Towards the end of the month John fell ill again. He ached in every bone and complained of the cold. But he was adamant that nothing ailed him, he was well enough. ‘Just tired,’ he said, smiling at Hester. ‘Just old bones.’ She did not press him to rise from his bed, nor to eat. She thought he looked as if he had reached the end of a long and arduous road.
‘I think I should write a letter for J,’ he announced quietly one morning as she sat at the foot of his bed, sewing an apron for Frances.
At once she put her sewing to one side. ‘He will not get it if he left the colony as he planned. He should be at sea now.’
‘Not a letter to send. A letter for him to read here. If I am not here to speak to him.’
She nodded gravely, she did not rush to reassure him. ‘Are you feeling worse?’
‘I am feeling old,’ he said gently. ‘I don’t imagine that I will live forever, and I want to make sure that it is all settled here. Will you write it for me?’
She hesitated. ‘If you wish. Or I could send for a clerk to write it. It might be better if it were not written by me.’
He nodded. ‘You are a sensible woman, Hester. That’s sound advice. Get a clerk for me from Lambeth and I will dictate my letter to J and finish my will.’

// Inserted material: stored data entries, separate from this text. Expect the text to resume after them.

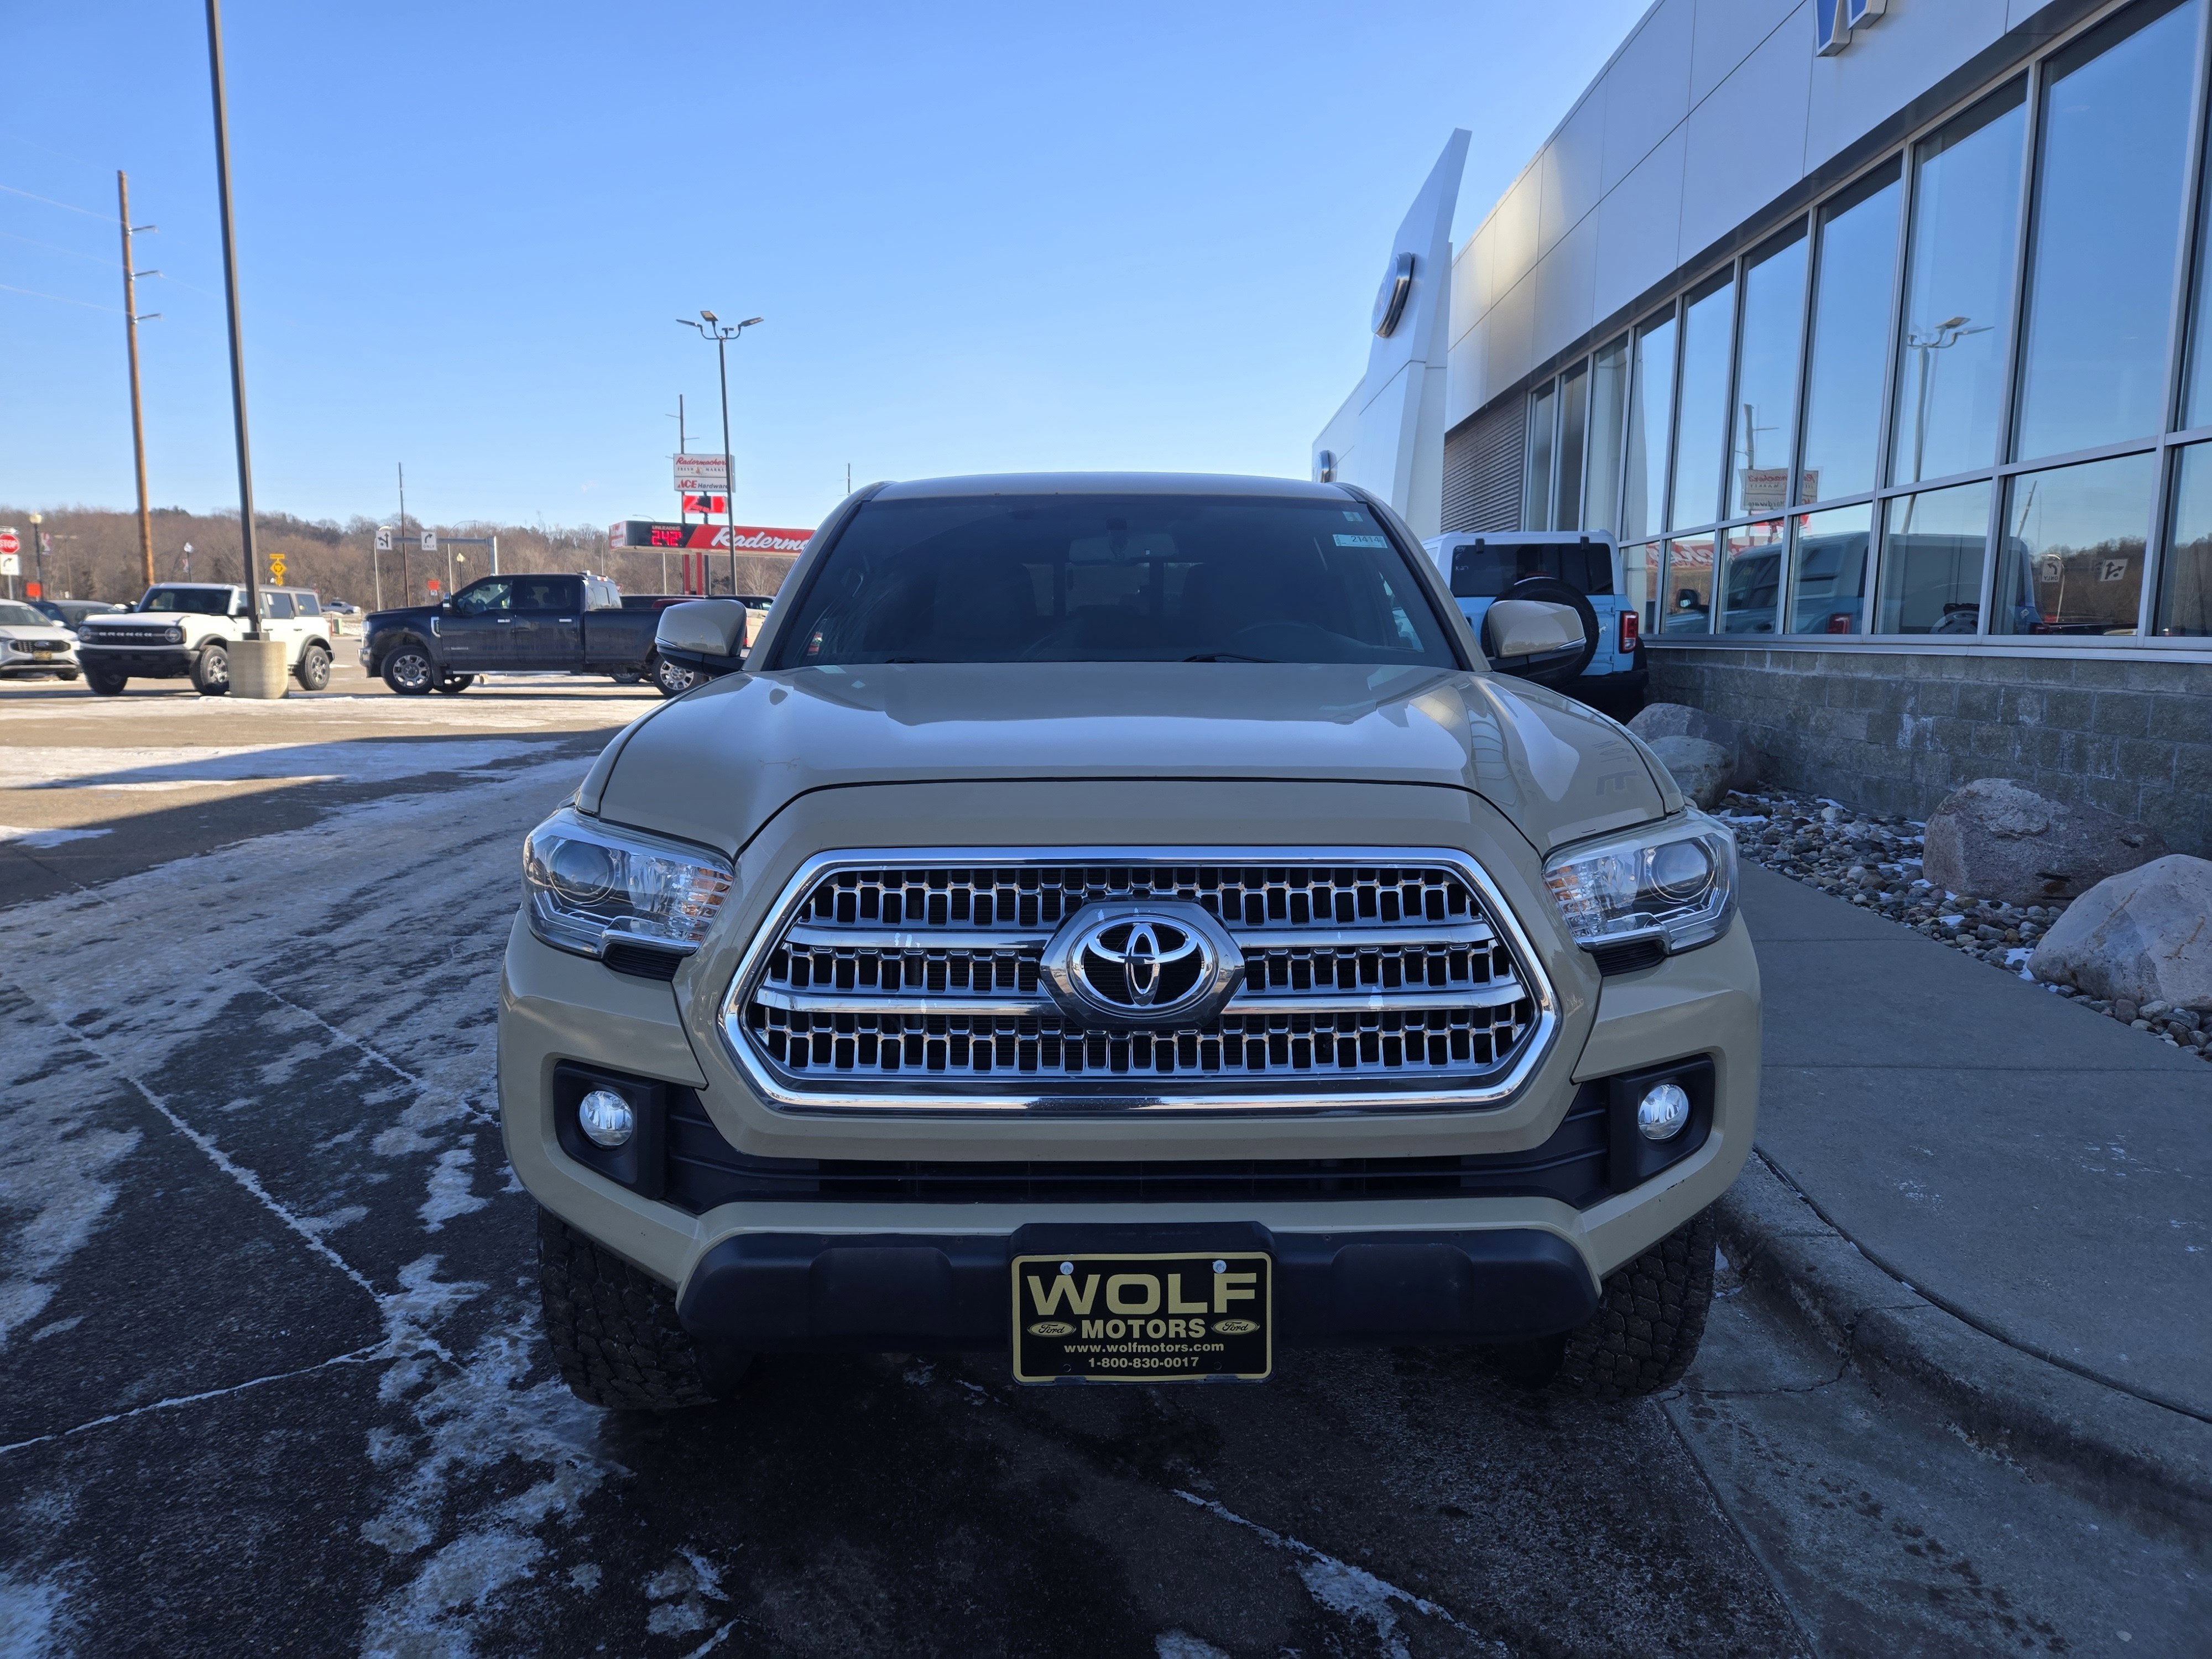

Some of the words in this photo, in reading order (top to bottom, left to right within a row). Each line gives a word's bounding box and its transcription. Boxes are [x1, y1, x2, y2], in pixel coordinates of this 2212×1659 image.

[676, 457, 726, 466] Radermacher
[677, 479, 697, 488] ACE
[1027, 1272, 1256, 1315] WOLF
[1038, 1324, 1065, 1334] Ford
[1082, 1319, 1205, 1339] MOTORS
[1222, 1322, 1248, 1332] Ford
[1064, 1342, 1224, 1353] www.wolfmotors.com
[1088, 1357, 1199, 1368] 1-800-830-0017

‘Of course,’ she said and went quietly from the room. At the doorway she paused. ‘I hope you will make it clear to your son that he is not bound to have me. Your son will have to make his own decision when he comes home. I am not part of his inheritance.’
There was a small gleam of mischief in John’s pale face. ‘It never occurred to me,’ he said unconvincingly. He took a difficult breath. ‘But it shall be as you wish. Send for a clerk from Lambeth, and also send for the executors of my will. I want to leave everything straight.’

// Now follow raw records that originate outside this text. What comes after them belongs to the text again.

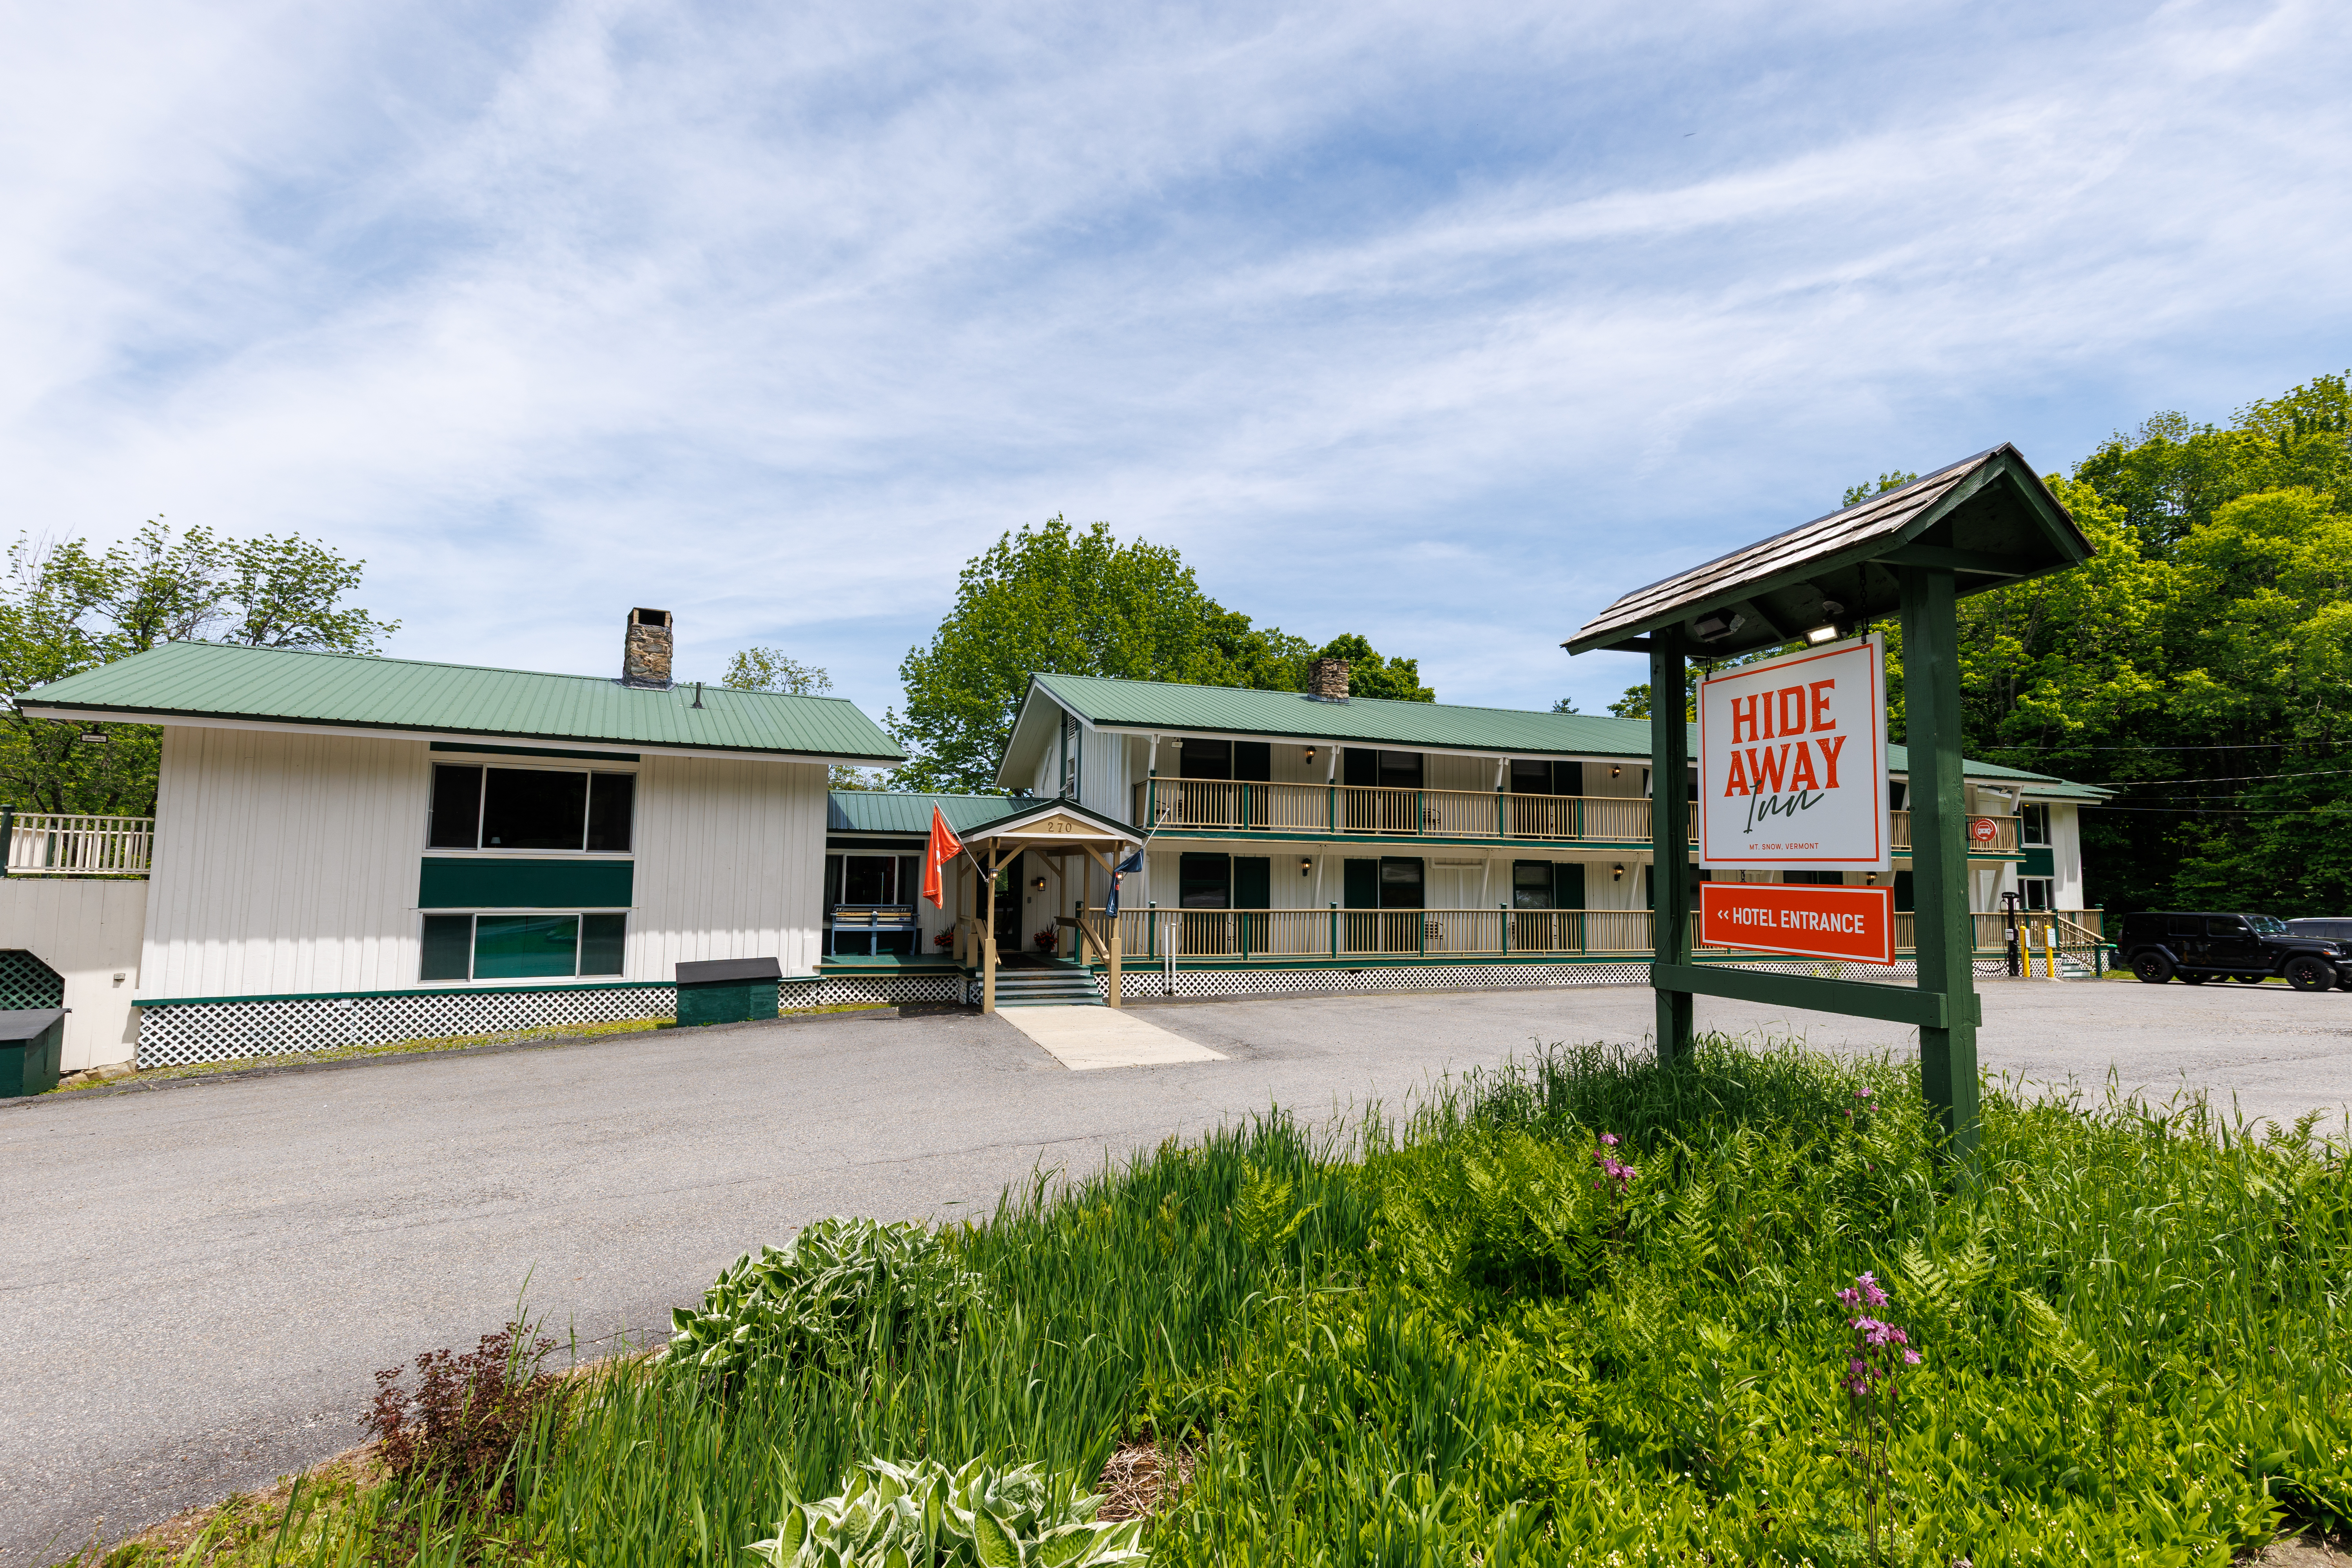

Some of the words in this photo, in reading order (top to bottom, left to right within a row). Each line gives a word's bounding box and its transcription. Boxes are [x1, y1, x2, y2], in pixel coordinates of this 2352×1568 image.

[1731, 679, 1836, 744] HIDE
[1724, 735, 1847, 797] AWAY
[1048, 821, 1072, 832] 270
[1743, 779, 1824, 834] Inn
[1733, 907, 1777, 927] HOTEL
[1781, 910, 1865, 934] ENTRANCE

The clerk came and the executors with him – Elizabeth’s brother, Alexander Norman, and William Ward, Buckingham’s steward, who had served with John all those years ago.
‘I shall be your executor with the greatest of pleasure,’ Alexander assured him, taking a seat at the bedside. ‘But I expect that you shall be mine. This is just a winter rheum. We’ll see you in the garden again this spring.’
John managed a weary smile, leaning back against his pillows. ‘Maybe,’ he said. ‘But I’m a good age now.’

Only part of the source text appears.